BWW Review: SOUTHERN COMFORT at Stagecrafters Navigates Transgender Life in 1990's Rural Georgia
In twentieth century media, something that's often called for (and only sometimes applauded) is diversity. This can include diversity in terms of race, sexuality, religion, gender, and countless more I can't even begin to name. Stagecrafters' production of Southern Comfort, which runs through May 12th at the Baldwin Theatre's 2nd Stage, is an excellent representation of how diversity in the media can only lead to beautiful stories and even more beautiful storytelling.

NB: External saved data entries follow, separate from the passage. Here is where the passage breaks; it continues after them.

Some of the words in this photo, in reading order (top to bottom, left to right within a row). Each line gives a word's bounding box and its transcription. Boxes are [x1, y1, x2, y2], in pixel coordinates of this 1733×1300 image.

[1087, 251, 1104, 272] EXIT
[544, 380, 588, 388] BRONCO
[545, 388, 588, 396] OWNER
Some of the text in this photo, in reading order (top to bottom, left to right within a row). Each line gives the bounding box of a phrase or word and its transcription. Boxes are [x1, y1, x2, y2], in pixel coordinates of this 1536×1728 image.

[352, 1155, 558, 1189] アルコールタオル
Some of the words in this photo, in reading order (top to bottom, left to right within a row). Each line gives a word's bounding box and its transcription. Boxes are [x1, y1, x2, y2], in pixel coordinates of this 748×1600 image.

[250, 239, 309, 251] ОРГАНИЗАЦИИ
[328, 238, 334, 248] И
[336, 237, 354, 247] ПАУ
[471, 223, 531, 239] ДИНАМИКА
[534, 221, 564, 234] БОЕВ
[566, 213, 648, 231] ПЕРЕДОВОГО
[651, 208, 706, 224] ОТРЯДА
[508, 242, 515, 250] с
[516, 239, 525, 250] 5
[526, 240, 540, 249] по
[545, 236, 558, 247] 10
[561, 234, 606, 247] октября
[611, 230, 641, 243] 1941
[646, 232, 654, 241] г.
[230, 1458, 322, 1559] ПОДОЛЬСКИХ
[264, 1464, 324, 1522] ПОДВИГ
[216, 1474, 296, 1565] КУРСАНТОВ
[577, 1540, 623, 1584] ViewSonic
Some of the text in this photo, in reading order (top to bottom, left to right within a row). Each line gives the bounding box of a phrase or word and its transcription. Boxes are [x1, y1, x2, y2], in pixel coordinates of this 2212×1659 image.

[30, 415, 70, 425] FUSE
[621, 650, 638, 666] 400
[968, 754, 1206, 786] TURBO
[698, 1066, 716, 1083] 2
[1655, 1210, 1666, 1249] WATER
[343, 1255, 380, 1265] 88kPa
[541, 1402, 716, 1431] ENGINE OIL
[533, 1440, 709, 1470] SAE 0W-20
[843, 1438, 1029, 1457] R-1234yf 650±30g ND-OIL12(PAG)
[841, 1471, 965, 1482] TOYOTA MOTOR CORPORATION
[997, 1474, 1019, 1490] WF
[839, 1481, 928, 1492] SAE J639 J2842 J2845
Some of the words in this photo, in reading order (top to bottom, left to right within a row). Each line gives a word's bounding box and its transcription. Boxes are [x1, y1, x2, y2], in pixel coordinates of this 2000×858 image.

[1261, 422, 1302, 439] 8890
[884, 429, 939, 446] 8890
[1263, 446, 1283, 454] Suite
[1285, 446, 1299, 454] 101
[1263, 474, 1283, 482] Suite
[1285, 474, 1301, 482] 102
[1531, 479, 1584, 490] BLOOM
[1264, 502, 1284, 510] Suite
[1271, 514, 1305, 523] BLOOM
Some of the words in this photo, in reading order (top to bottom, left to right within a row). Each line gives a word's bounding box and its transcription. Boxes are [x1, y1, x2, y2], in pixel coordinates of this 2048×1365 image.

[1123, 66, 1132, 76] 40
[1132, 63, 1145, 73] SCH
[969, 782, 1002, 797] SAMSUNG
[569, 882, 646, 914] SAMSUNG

Having run briefly at Off-Broadway's Public Theater in 2016, Southern Comfort is the story of several transgender friends as they navigate their lives in rural Georgia. Though the core of this story is about this found family, the person at the center of everything is Robert Eads. A transgender man diagnosed with ovarian cancer, Eads was a real person whom the 2001 documentary Southern Comfort is all about. Similar to Rent, Southern Comfort takes us through a year with Eads, his girlfriend Lola Cola, and the rest of their "family" as they prepare for the Southern Comfort ball in Atlanta.
Of everything, perhaps the most fine-tuned aspect of Southern Comfort is the music. Julianne Wick Davis' bluegrass-reminiscent score and Dan Collins' lyrics work magnificently in harmony with one another, especially in songs like "Bird," "My Love," "I'm With You," and the finale, "Home/Spring (Reprise)." Coming out of the theatre, I was saddened to learn that there's not a cast album of this show. I'd truly believe I'd never get tired of listening to this score over and over again.
Though each of the actors brought something intriguing to the show, two standout performances for me were Katie Jostock's Melanie and Ramon Bush's Sam. Their chemistry is on fire, as are their acting capabilities, both of which really makes the audience invest in their relationship.
Another couple in the story with great chemistry was Alonzo Luzod's Lola and Megan Meade-Higgins' Robert. The audience goes from not being too sure about Lola to falling in love with her, which can be primarily attributed to Luzod's storytelling talent. Furthermore, as the lead of the show, Meade-Higgins never fails to command the attention of everyone in the room when she's on stage. Though I haven't yet seen the original Southern Comfort documentary, I can only imagine that the real-life Robert Eads was the exact same way.